| Scale | Users | Requests per Second (RPS) | Data Storage | System Changes |
|---|---|---|---|---|
| Small | 100 users | ~10 RPS | Few MBs (policy rules, logs) | Single server, simple DB, no caching |
| Medium | 10,000 users | ~1,000 RPS | GBs (policy versions, user requests) | DB read replicas, caching, load balancer |
| Large | 1,000,000 users | ~50,000 RPS | TBs (logs, audit trails, refunds) | Sharded DB, distributed cache, microservices |
| Very Large | 100,000,000 users | ~5,000,000 RPS | Petabytes (archived data, analytics) | Multi-region deployment, CDN, event-driven architecture |
Cancellation and refund policy in LLD - Scalability & System Analysis
At small to medium scale, the database becomes the first bottleneck. This is because all cancellation and refund requests require consistent reads and writes to policy data and transaction records. The DB must handle many concurrent queries and updates, especially during peak refund periods.
- Database Scaling: Use read replicas to distribute read load. Implement connection pooling to manage DB connections efficiently.
- Caching: Cache static policy rules and frequently accessed refund statuses to reduce DB hits.
- Horizontal Scaling: Add more application servers behind a load balancer to handle increased request volume.
- Sharding: Partition the database by user ID or region to distribute write load and improve performance.
- Event-Driven Architecture: Use message queues to process refunds asynchronously, reducing synchronous DB load.
- Multi-Region Deployment: Deploy services closer to users to reduce latency and distribute traffic.
- At 10,000 users with ~1,000 RPS, assuming each request is 1 KB, bandwidth needed is ~1 MB/s.
- Storage for policy data and logs grows from MBs to GBs as users increase.
- Refund processing requires additional compute resources; asynchronous processing reduces peak load.
- Database must handle up to 1,000 QPS at medium scale; plan for replicas and sharding accordingly.
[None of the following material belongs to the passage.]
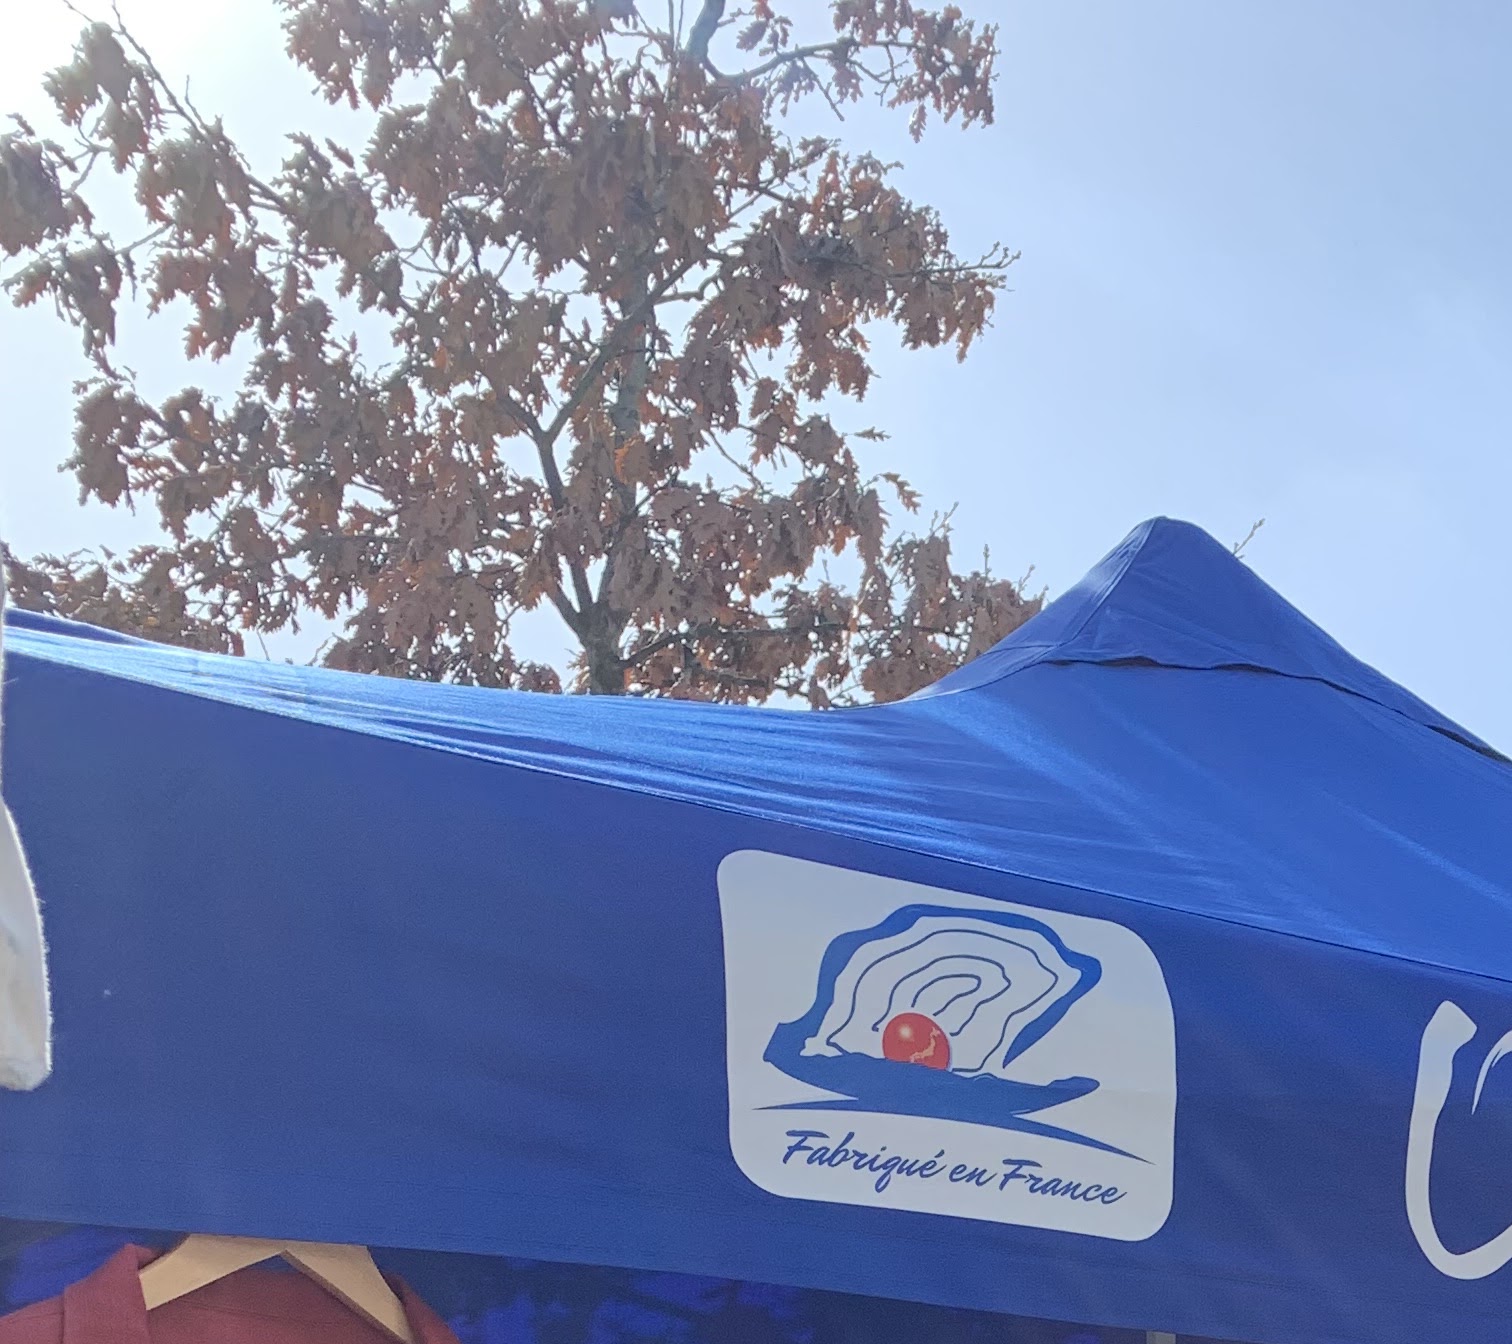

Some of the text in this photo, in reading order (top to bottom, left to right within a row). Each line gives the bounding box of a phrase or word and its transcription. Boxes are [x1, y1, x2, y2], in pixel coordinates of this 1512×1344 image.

[783, 1130, 1128, 1206] Fabriqué en France
Start by identifying key components: user requests, policy data, refund transactions. Discuss expected load and data growth. Identify bottlenecks early, usually the database. Propose scaling solutions step-by-step: caching, read replicas, horizontal scaling, sharding, and asynchronous processing. Always justify why each solution fits the bottleneck.
Your database handles 1,000 QPS. Traffic grows 10x to 10,000 QPS. What do you do first?
Answer: Add read replicas to distribute read queries and implement caching for static policy data to reduce database load before considering sharding or more complex solutions.